### PROBLEM REQUIREMENTS
Everything in the records below is to be reproduced exactly, apart from the images.

== Segment start ==

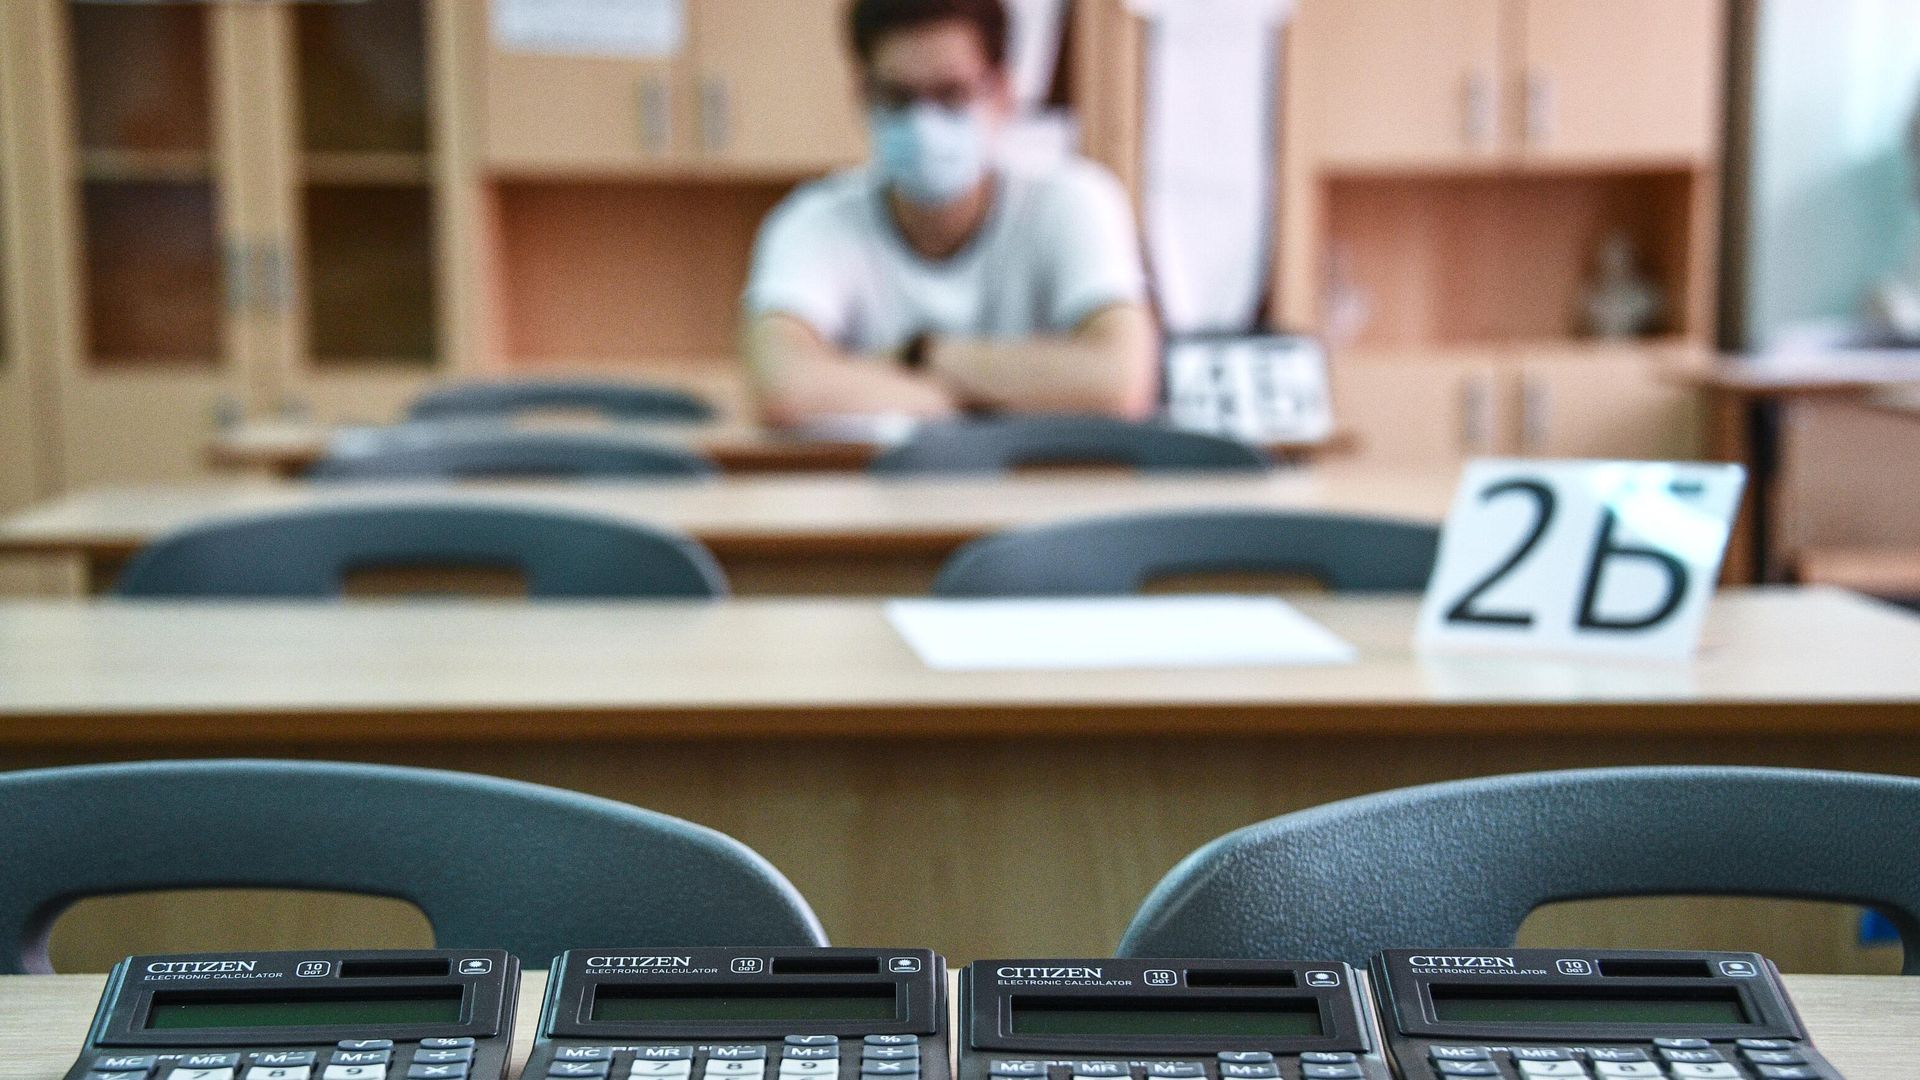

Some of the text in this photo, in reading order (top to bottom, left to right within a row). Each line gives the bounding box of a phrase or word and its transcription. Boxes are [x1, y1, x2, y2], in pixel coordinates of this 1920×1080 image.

[586, 956, 692, 967] CITIZEN
[739, 959, 756, 967] 10
[1408, 955, 1515, 968] CITIZEN
[1564, 961, 1582, 969] 10
[147, 960, 258, 974] CITIZEN
[306, 963, 323, 971] 10
[996, 966, 1102, 979] CITIZEN
[565, 1049, 600, 1057] MC
[645, 1048, 680, 1056] MR
[791, 1047, 830, 1055] M+
[1439, 1048, 1477, 1057] MC
[1520, 1048, 1560, 1057] MR
[188, 1056, 227, 1065] MR
[340, 1053, 381, 1061] M+
[105, 1057, 145, 1066] MC
[653, 1063, 670, 1071] 7
[800, 1062, 818, 1070] 9
[1000, 1063, 1035, 1071] MC
[1081, 1063, 1118, 1072] MR
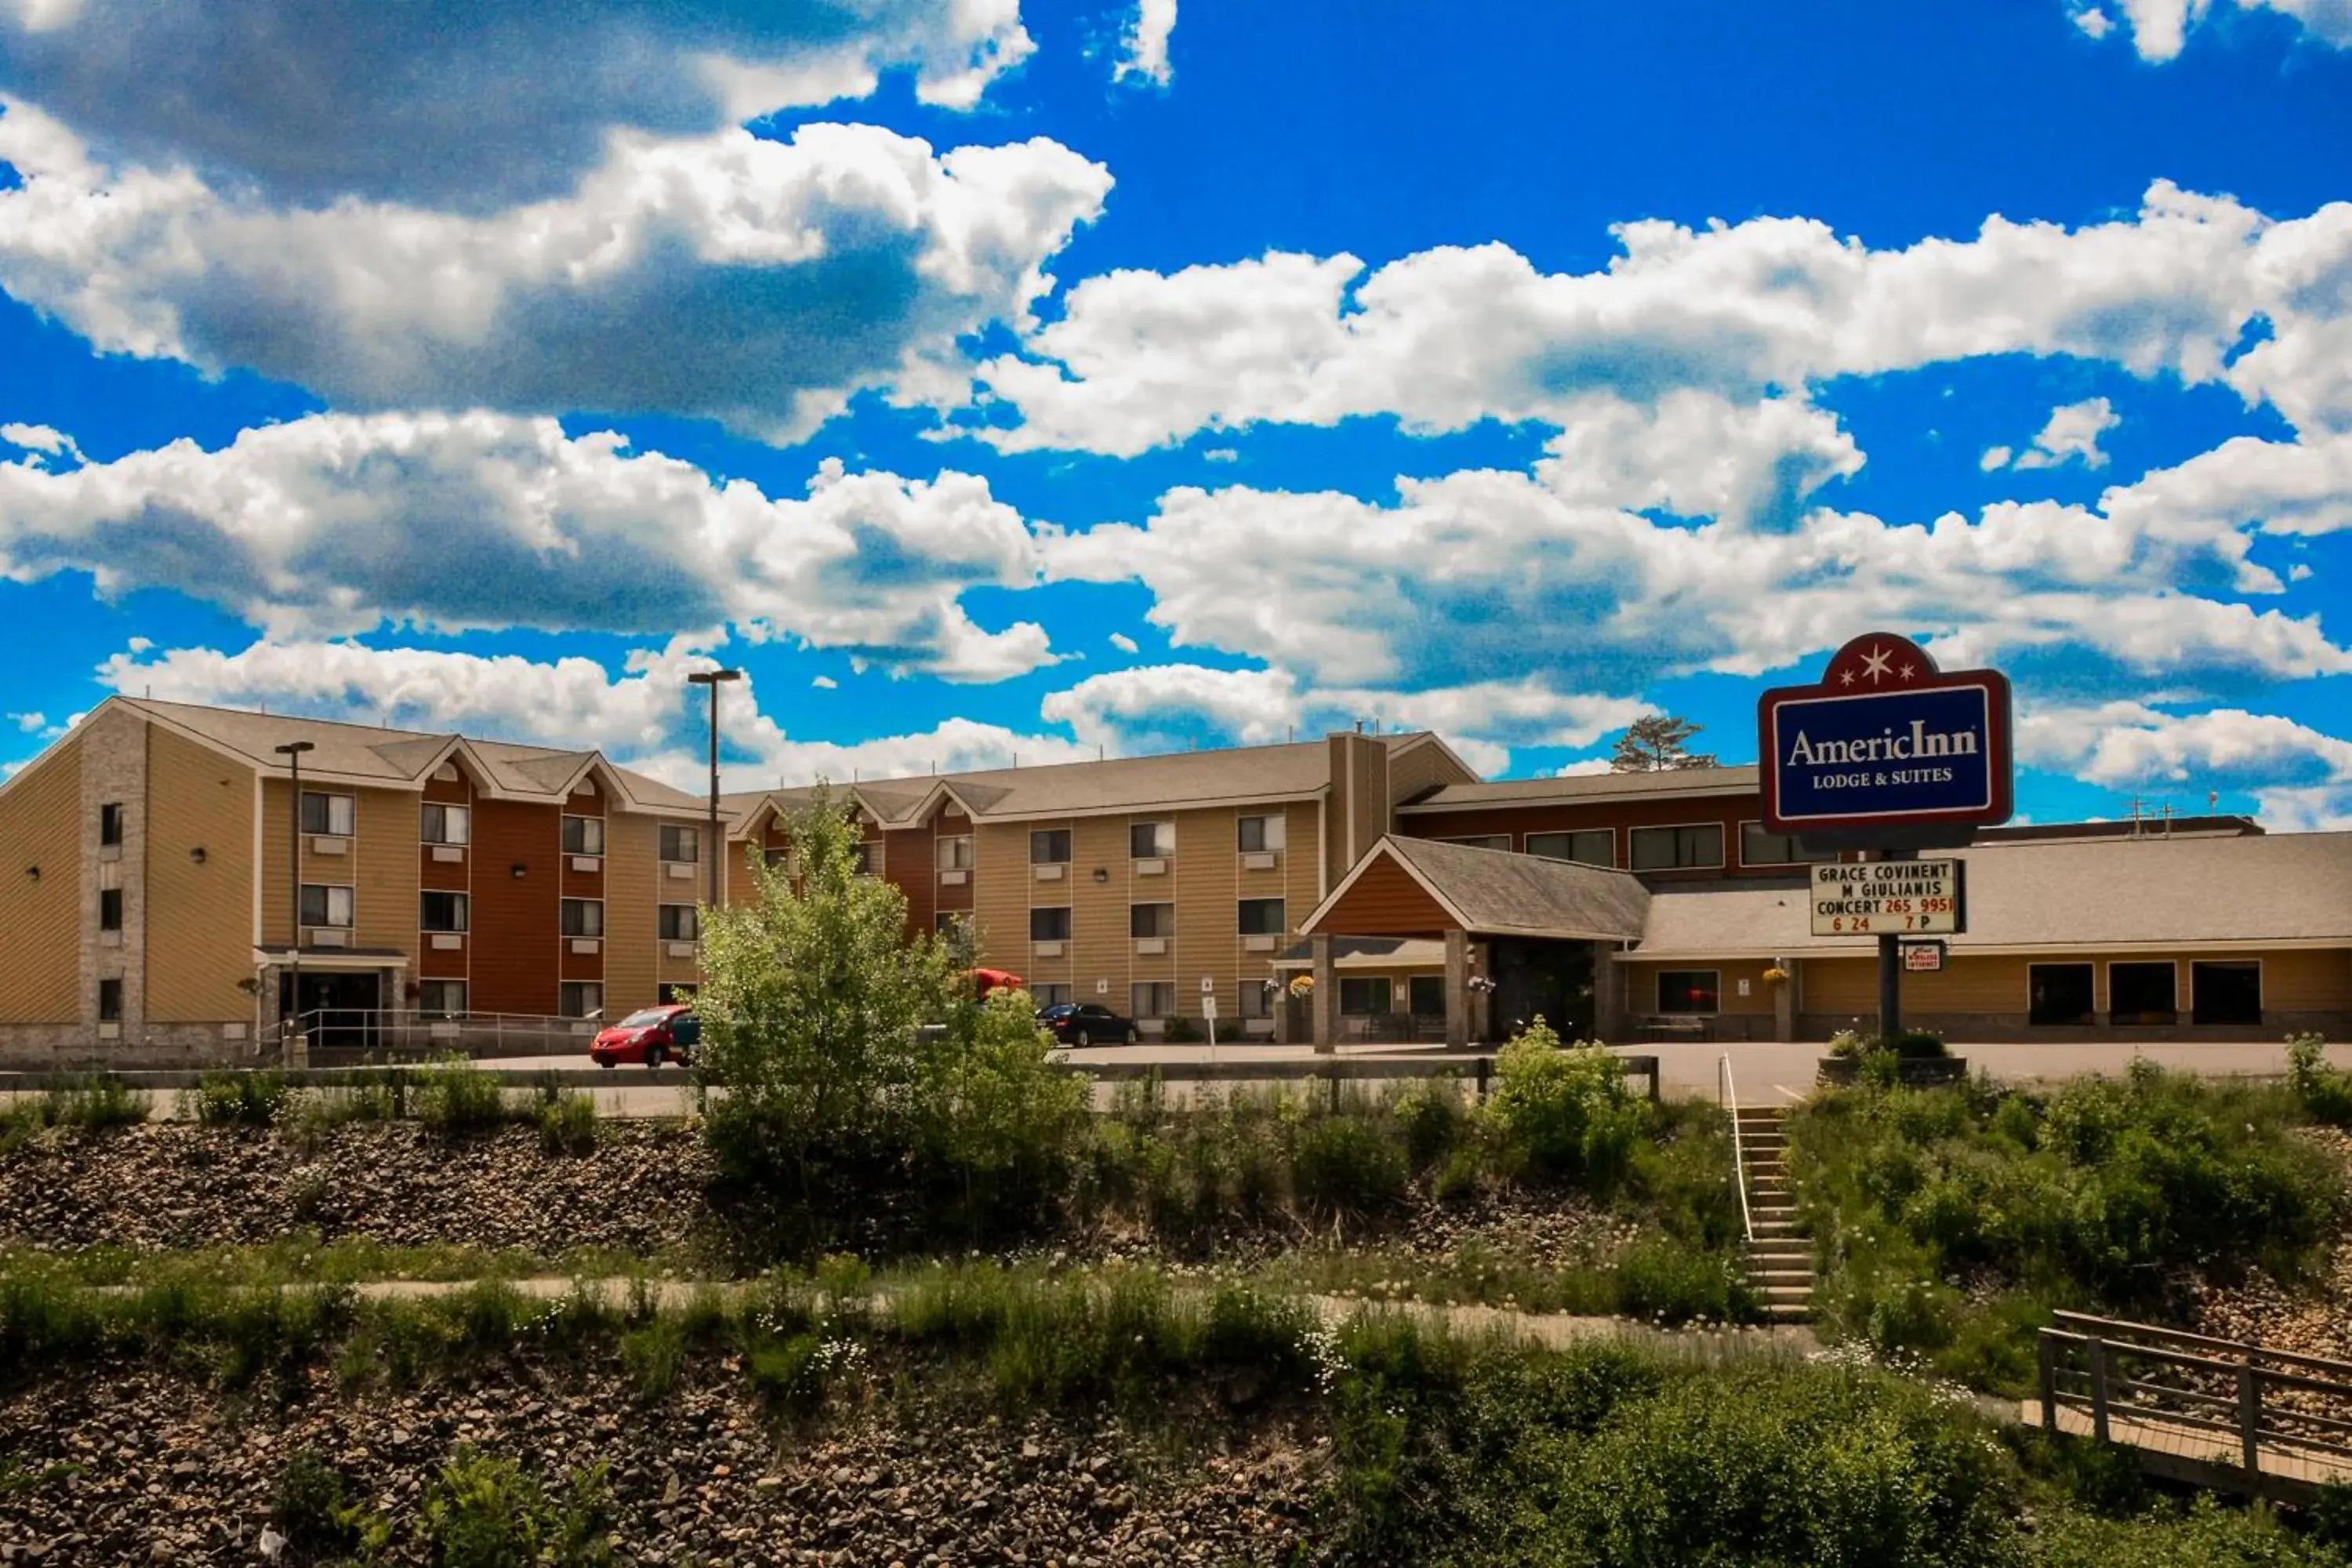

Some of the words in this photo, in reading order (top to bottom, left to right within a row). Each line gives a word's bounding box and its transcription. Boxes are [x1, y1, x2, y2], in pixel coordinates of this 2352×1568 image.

== Segment end ==

### WRITTEN SOLUTION
Some of the text in this photo, in reading order (top to bottom, left to right within a row). Each line gives the bounding box of a phrase or word and its transcription. Boxes are [x1, y1, x2, y2], in pixel coordinates of this 1920×1080 image.

[586, 956, 692, 967] CITIZEN
[739, 959, 756, 967] 10
[1408, 955, 1515, 968] CITIZEN
[1564, 961, 1582, 969] 10
[147, 960, 258, 974] CITIZEN
[306, 963, 323, 971] 10
[996, 966, 1102, 979] CITIZEN
[565, 1049, 600, 1057] MC
[645, 1048, 680, 1056] MR
[791, 1047, 830, 1055] M+
[1439, 1048, 1477, 1057] MC
[1520, 1048, 1560, 1057] MR
[188, 1056, 227, 1065] MR
[340, 1053, 381, 1061] M+
[105, 1057, 145, 1066] MC
[653, 1063, 670, 1071] 7
[800, 1062, 818, 1070] 9
[1000, 1063, 1035, 1071] MC
[1081, 1063, 1118, 1072] MR

Some of the words in this photo, in reading order (top to bottom, left to right within a row). Each line gives a word's bounding box and its transcription. Boxes are [x1, y1, x2, y2], in pixel coordinates of this 2352×1568 image.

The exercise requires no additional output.